When should you use Node.js?

Node.js is asynchronous, event-driven, non-blocking, and single-threaded. It makes Node a perfect candidate for developing the following types of applications:

  • Realtime applications like chat and services delivering live updates.
  • Streaming applications that deliver video or other multimedia content to a large audience.
  • I/O intensive applications, like collaborative platforms.
  • Web backends that follow microservices architecture.

However, Node.js’ unique qualities make it less than ideal for some other types of applications: those that carry out CPU-intensive tasks like complex mathematical computations will be restricted by Node’s single-threaded execution.

If you want to learn more about this, check out our article on Node.js architecture and when to use Node.js in projects.

What does EventEmitter do?

Every object in Node.js capable of emitting events is a member of the EventEmitter class. The http module is one such example.

All EventEmitter classes can use the eventEmitter.on() function to attach event listeners to the event. Then, as soon as such an event is caught, its listeners are called one by one synchronously.

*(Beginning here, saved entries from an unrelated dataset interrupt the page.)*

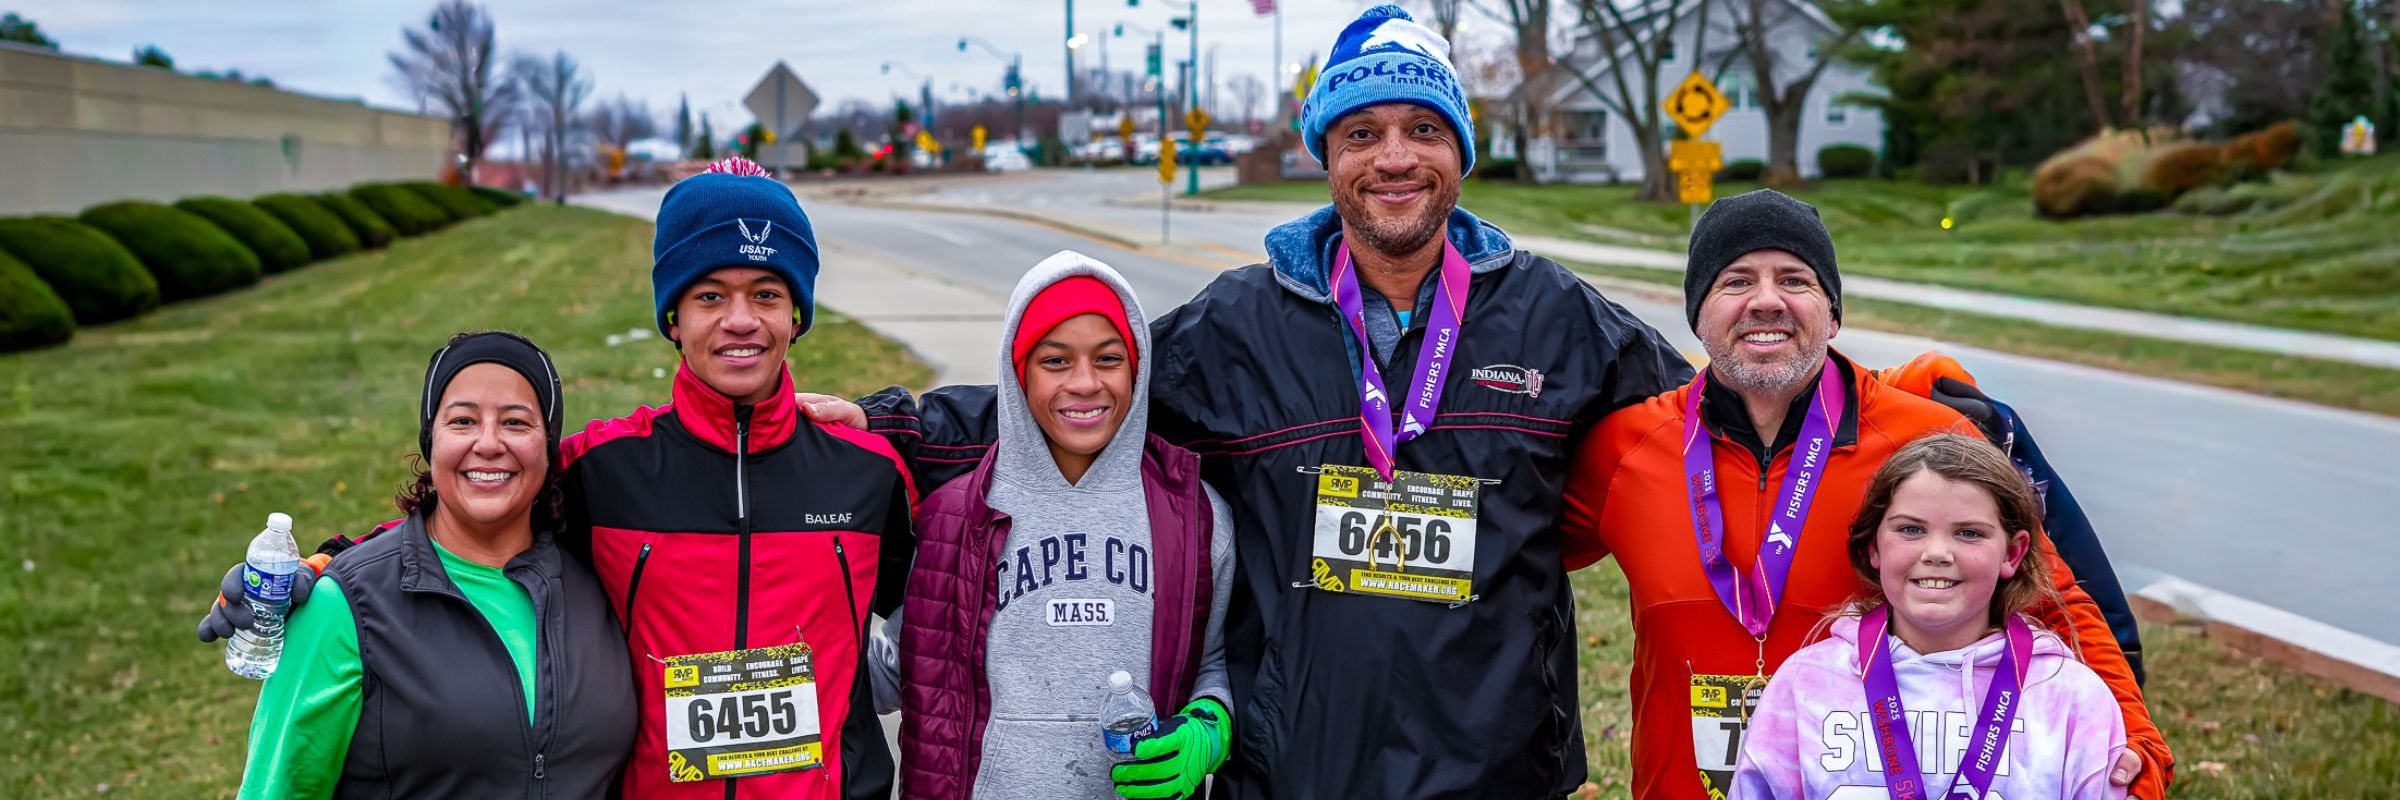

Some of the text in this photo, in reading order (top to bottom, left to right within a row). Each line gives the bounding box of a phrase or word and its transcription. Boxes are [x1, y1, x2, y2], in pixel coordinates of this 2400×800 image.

[1328, 60, 1449, 93] POLAR
[739, 244, 778, 256] USATF
[1419, 361, 1441, 409] FISHERS
[1432, 327, 1452, 365] YMCA
[1703, 468, 1712, 492] 2025
[1407, 485, 1445, 496] ENCOURAGE
[1452, 489, 1474, 498] SHAPE
[1775, 544, 1784, 555] the
[1786, 470, 1811, 519] FISHERS
[1803, 437, 1824, 469] YMCA
[1411, 495, 1439, 505] FITNESS.
[1452, 499, 1473, 508] LIVES.
[1690, 471, 1714, 545] WISHBONE
[805, 512, 853, 524] BALEAF
[1338, 511, 1452, 565] 6456
[996, 532, 1155, 613] CAPE CO
[1360, 578, 1458, 595] WWW.RACEMAKER.ORG
[1053, 603, 1109, 623] MASS.
[712, 664, 732, 674] BUILD
[745, 659, 784, 671] ENCOURAGE
[790, 655, 809, 665] SHAPE
[791, 664, 810, 674] LIVES.
[703, 673, 744, 684] COMMUNITY.
[751, 669, 780, 680] FITNESS.
[688, 690, 797, 743] 6455
[1887, 695, 1900, 721] 2025
[1873, 698, 1904, 776] WISHBONE
[1975, 726, 2000, 772] FISHERS
[1992, 690, 2012, 725] YMCA
[718, 752, 811, 771] WWW.RACEMAKER.ORG

What is Node’s event loop?

Since Node.js is single-threaded, it has to be non-blocking to prevent the thread from spending too long on a task that takes a while to complete. The event loop is responsible for enabling this non-blocking behavior. Its job is to schedule pending tasks using the application thread.

We know that Node uses callbacks to handle the response returned by an asynchronous function when its task is complete. Similar to the event that created the task, the completion of the task also emits an event. Node.js adds these events that require handling to an event queue.

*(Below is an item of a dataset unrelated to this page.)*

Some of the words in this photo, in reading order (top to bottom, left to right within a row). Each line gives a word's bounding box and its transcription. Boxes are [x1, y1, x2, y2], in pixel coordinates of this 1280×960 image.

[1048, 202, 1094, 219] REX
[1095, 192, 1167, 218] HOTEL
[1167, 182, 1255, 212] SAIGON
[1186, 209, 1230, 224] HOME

The event loop iterates over events in the event queue and schedules when to execute their associated callback functions.

What are Node Streams?

Streams are pipelines that read or write data from a source and transfer it to a continuous flow destination. There are four types of streams:

  • Readable
  • Writable
  • Duplex (both readable and writable)
  • Transform (A type of duplex stream. Its output is calculated using the input)

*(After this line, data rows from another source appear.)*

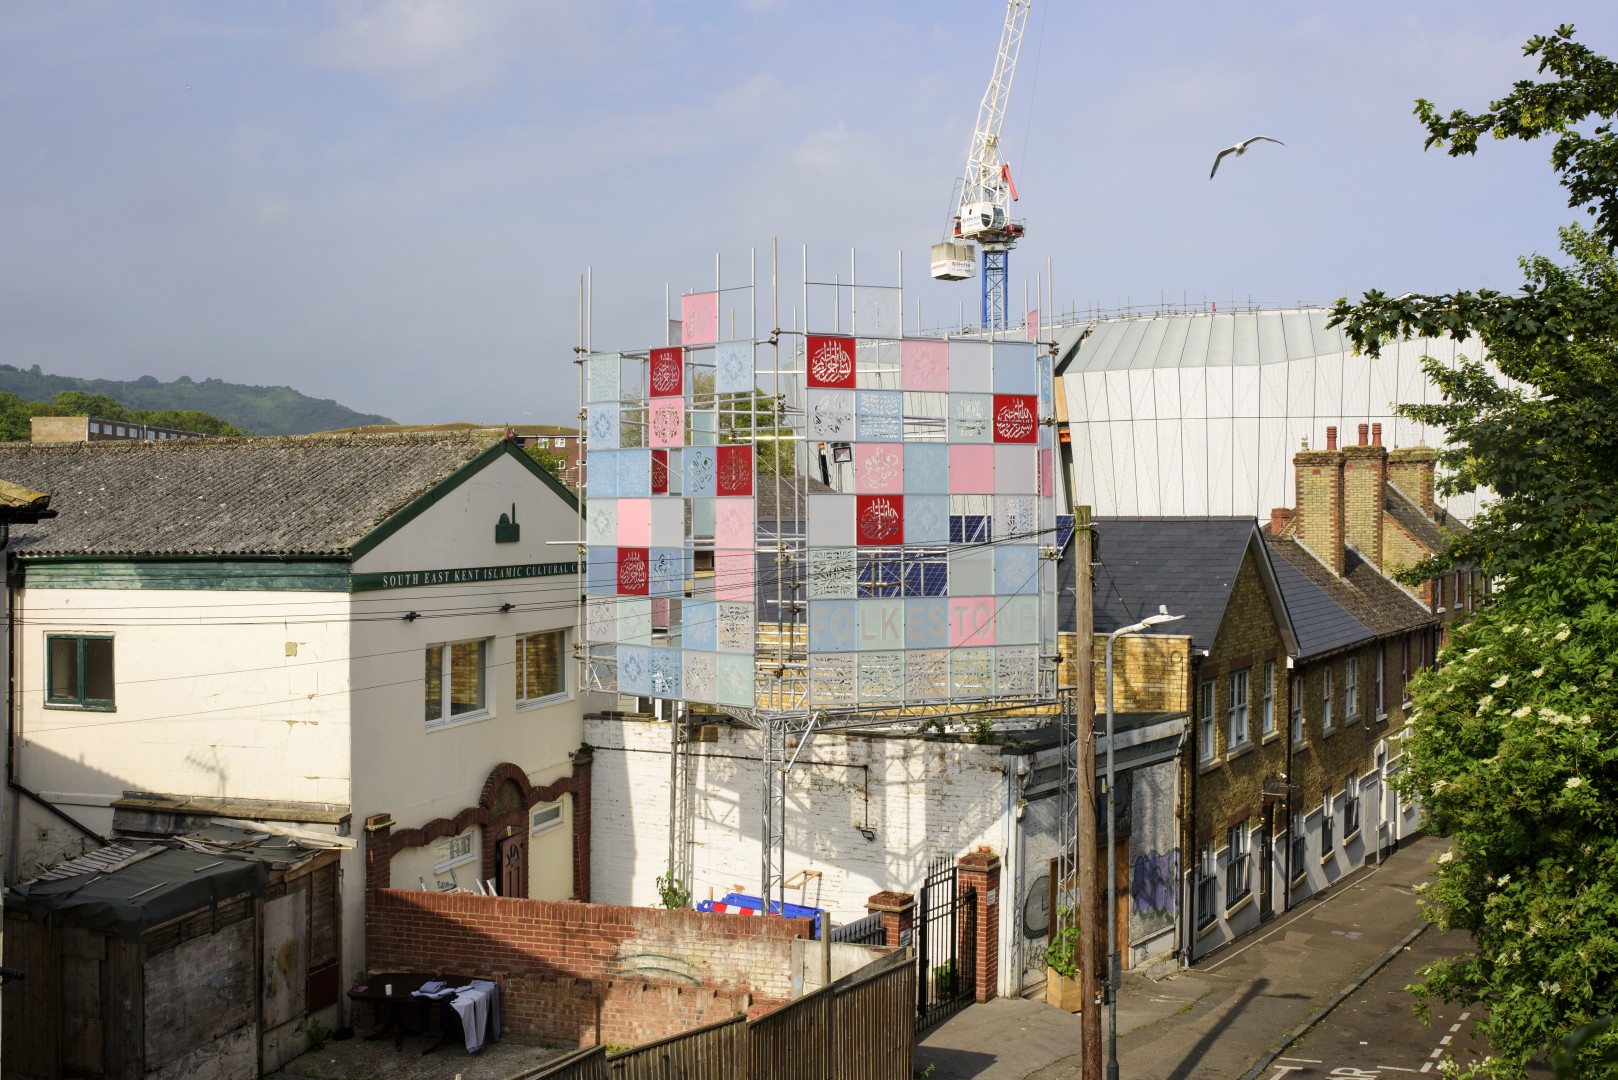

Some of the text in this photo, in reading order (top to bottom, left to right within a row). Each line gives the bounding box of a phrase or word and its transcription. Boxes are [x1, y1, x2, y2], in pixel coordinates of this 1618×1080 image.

[383, 573, 419, 587] SOUTH
[424, 571, 450, 584] EAST
[454, 569, 480, 582] KENT
[484, 566, 523, 580] ISLAMIC
[526, 563, 568, 576] CULTURAL
[813, 603, 1036, 641] FOLKESTONE

Each stream is also an EventEmitter. It means a stream object can emit events when there is no data on the stream, when data is available on the stream, or when data in the stream is flushed from the program.

What is the difference between readFile and createReadStream functions?

The readFile function reads the entire content of the file asynchronously and stores it in the memory before passing it to the user.

createReadStream uses a readable stream that would read the file chunk by chunk without storing the entirety of it into the memory.

createReadStream optimizes the file reading operation compared to readFile by using less memory and making it faster. If the file is of considerable size, the user doesn’t have to wait a long time until its entire content is available, because small chunks are sent to the user as they are read.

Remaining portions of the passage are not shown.